Download or read book Defocusing Nonlinear Schr dinger Equations written by Benjamin Dodson and published by Cambridge University Press. This book was released on 2019-03-28 with total page 256 pages. Available in PDF, EPUB and Kindle. Book excerpt: This study of Schrödinger equations with power-type nonlinearity provides a great deal of insight into other dispersive partial differential equations and geometric partial differential equations. It presents important proofs, using tools from harmonic analysis, microlocal analysis, functional analysis, and topology. This includes a new proof of Keel–Tao endpoint Strichartz estimates, and a new proof of Bourgain's result for radial, energy-critical NLS. It also provides a detailed presentation of scattering results for energy-critical and mass-critical equations. This book is suitable as the basis for a one-semester course, and serves as a useful introduction to nonlinear Schrödinger equations for those with a background in harmonic analysis, functional analysis, and partial differential equations.

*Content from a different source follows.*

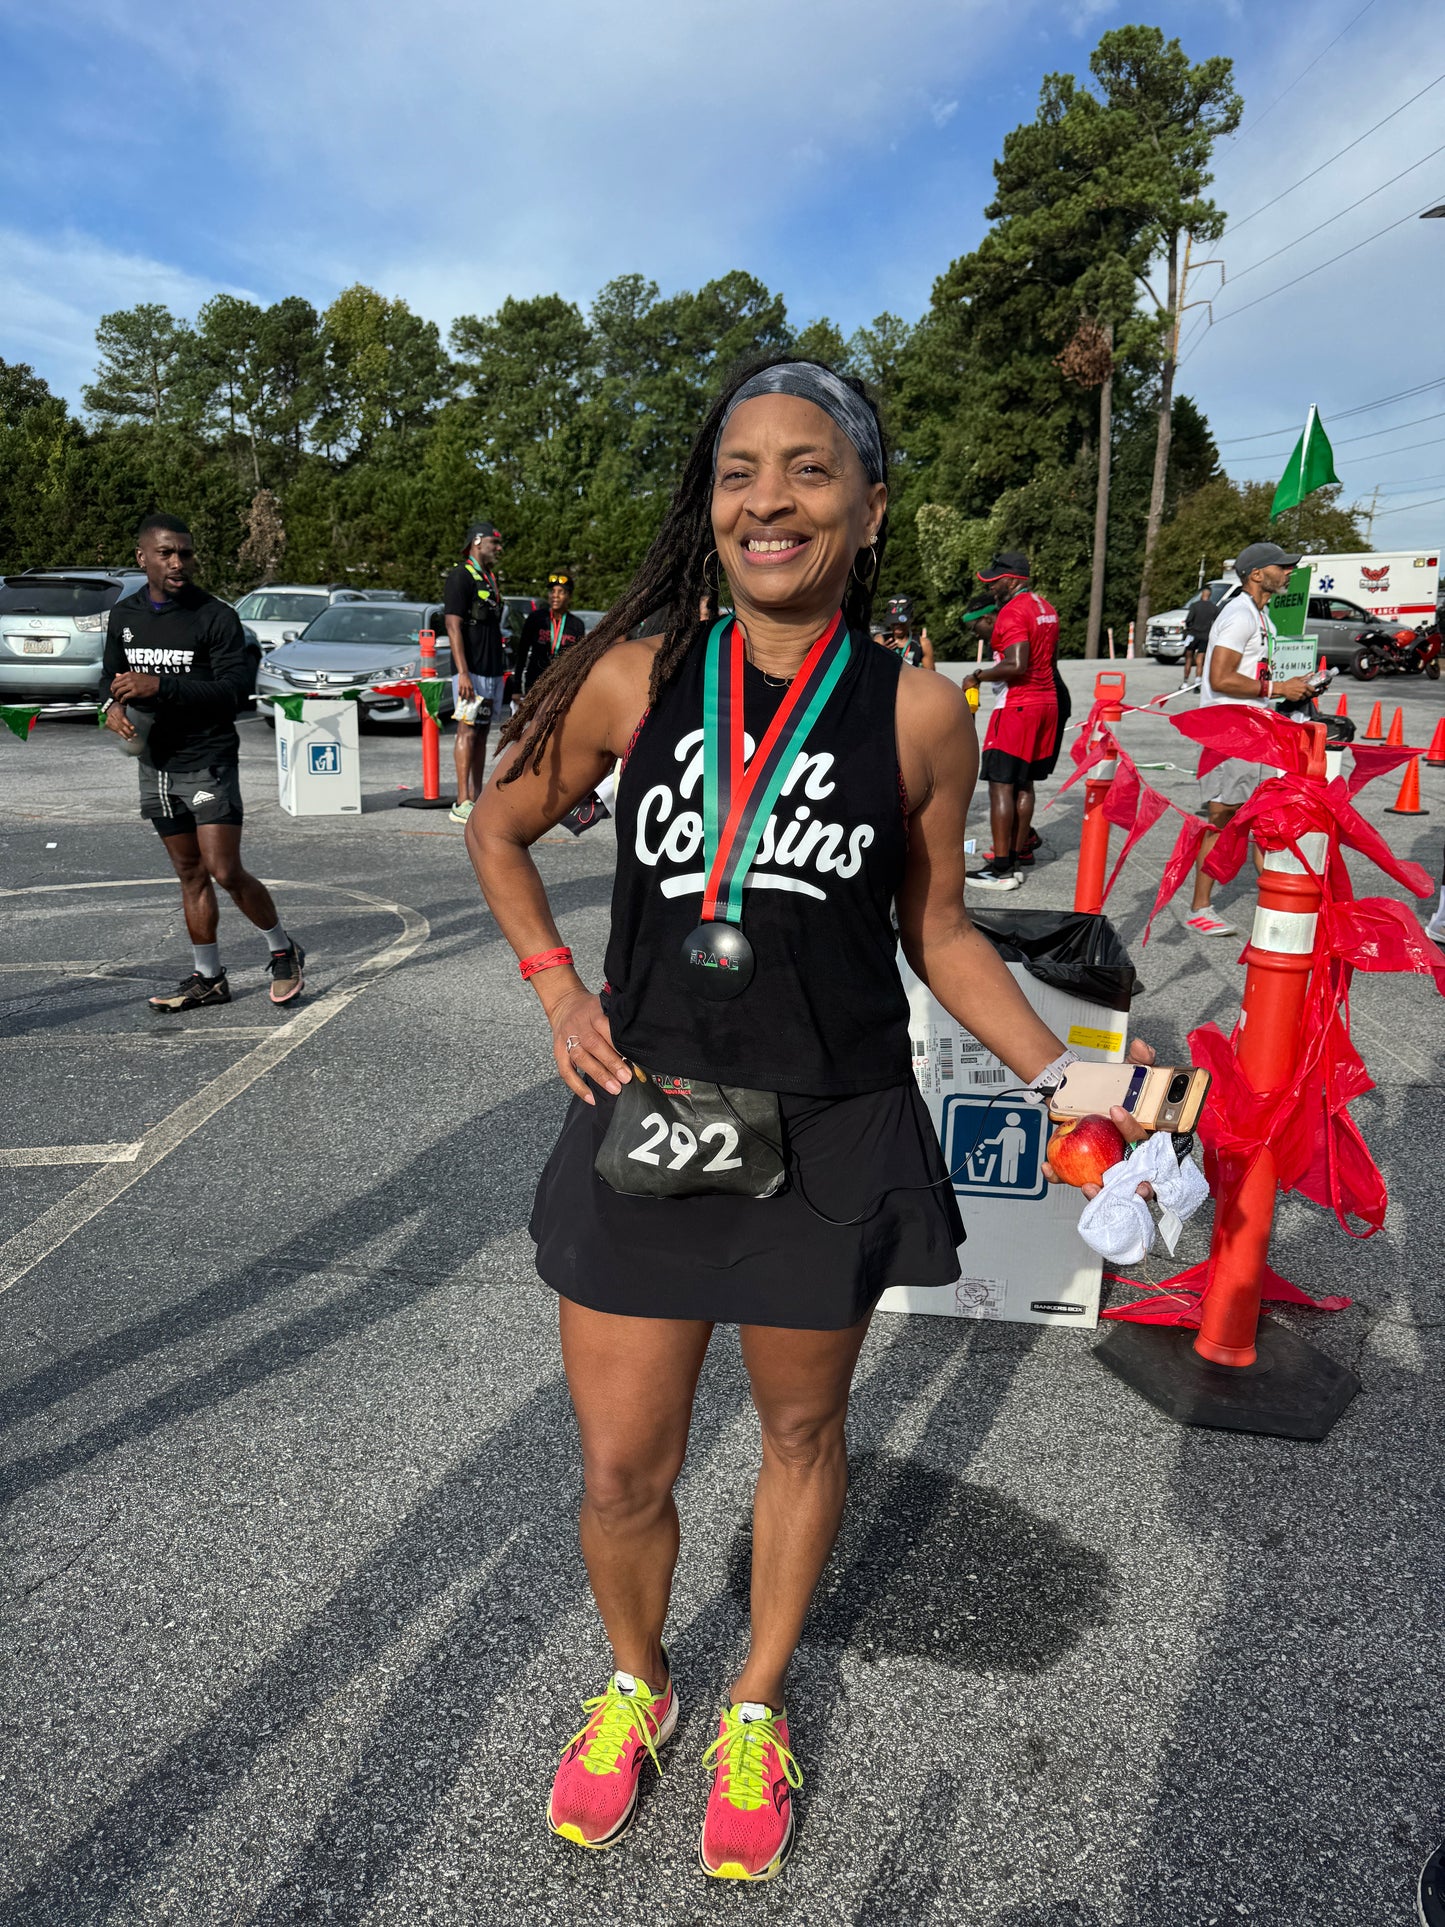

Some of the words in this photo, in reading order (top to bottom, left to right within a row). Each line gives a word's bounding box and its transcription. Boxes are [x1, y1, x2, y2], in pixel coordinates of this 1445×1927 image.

Download or read book Harmonic Analysis Method for Nonlinear Evolution Equations I written by Baoxiang Wang and published by World Scientific. This book was released on 2011-08-10 with total page 300 pages. Available in PDF, EPUB and Kindle. Book excerpt: This monograph provides a comprehensive overview on a class of nonlinear evolution equations, such as nonlinear Schrödinger equations, nonlinear Klein–Gordon equations, KdV equations as well as Navier–Stokes equations and Boltzmann equations. The global wellposedness to the Cauchy problem for those equations is systematically studied by using the harmonic analysis methods. This book is self-contained and may also be used as an advanced textbook by graduate students in analysis and PDE subjects and even ambitious undergraduate students. Contents:Fourier Multiplier, Function Spaces Xsp,qNavier–Stokes EquationStrichartz Estimates for Linear Dispersive EquationsLocal and Global Wellposedness for Nonlinear Dispersive EquationsThe Low Regularity Theory for the Nonlinear Dispersive EquationsFrequency-Uniform Decomposition TechniquesConservations, Morawetz' Estimates of Nonlinear Schrödinger EquationsBoltzmann Equation without Angular Cutoff Readership: Graduate students and researchers interested in analysis and PDE. Keywords:Nonlinear Dispersive Equation;Harmonic Analysis MethodKey Features:From PDE point of view, this book gives a self-contained introduction to the theory of function spaces including Besov, modulation and Triebel–Lizorkin spacesThe main topics are concentrated in four kinds of important equations, nonlinear Schrödinger, Navier–Stokes, KdV and Boltzmann equationsThis monograph is a unique treatment of the frequency-uniform localization techniques for nonlinear evolution equationsReviews: "The book under review is well and clearly written and pleasant to read. It is aimed at advanced graduate students; hence, familiarity with basic topics in measure theory, real analysis, complex analysis, functional analysis, etc., is assumed on the part of the reader. Those mathematicians who wish to learn harmonic analysis methods used in PDEs, and who wish to enter into this active area of research, will surely find this book interesting. The book also contains a reasonably large bibliography." Mathematical Reviews

Download or read book Nonlinear Dynamics written by Muthusamy Lakshmanan and published by Springer Science & Business Media. This book was released on 2012-12-06 with total page 628 pages. Available in PDF, EPUB and Kindle. Book excerpt: This self-contained treatment covers all aspects of nonlinear dynamics, from fundamentals to recent developments, in a unified and comprehensive way. Numerous examples and exercises will help the student to assimilate and apply the techniques presented.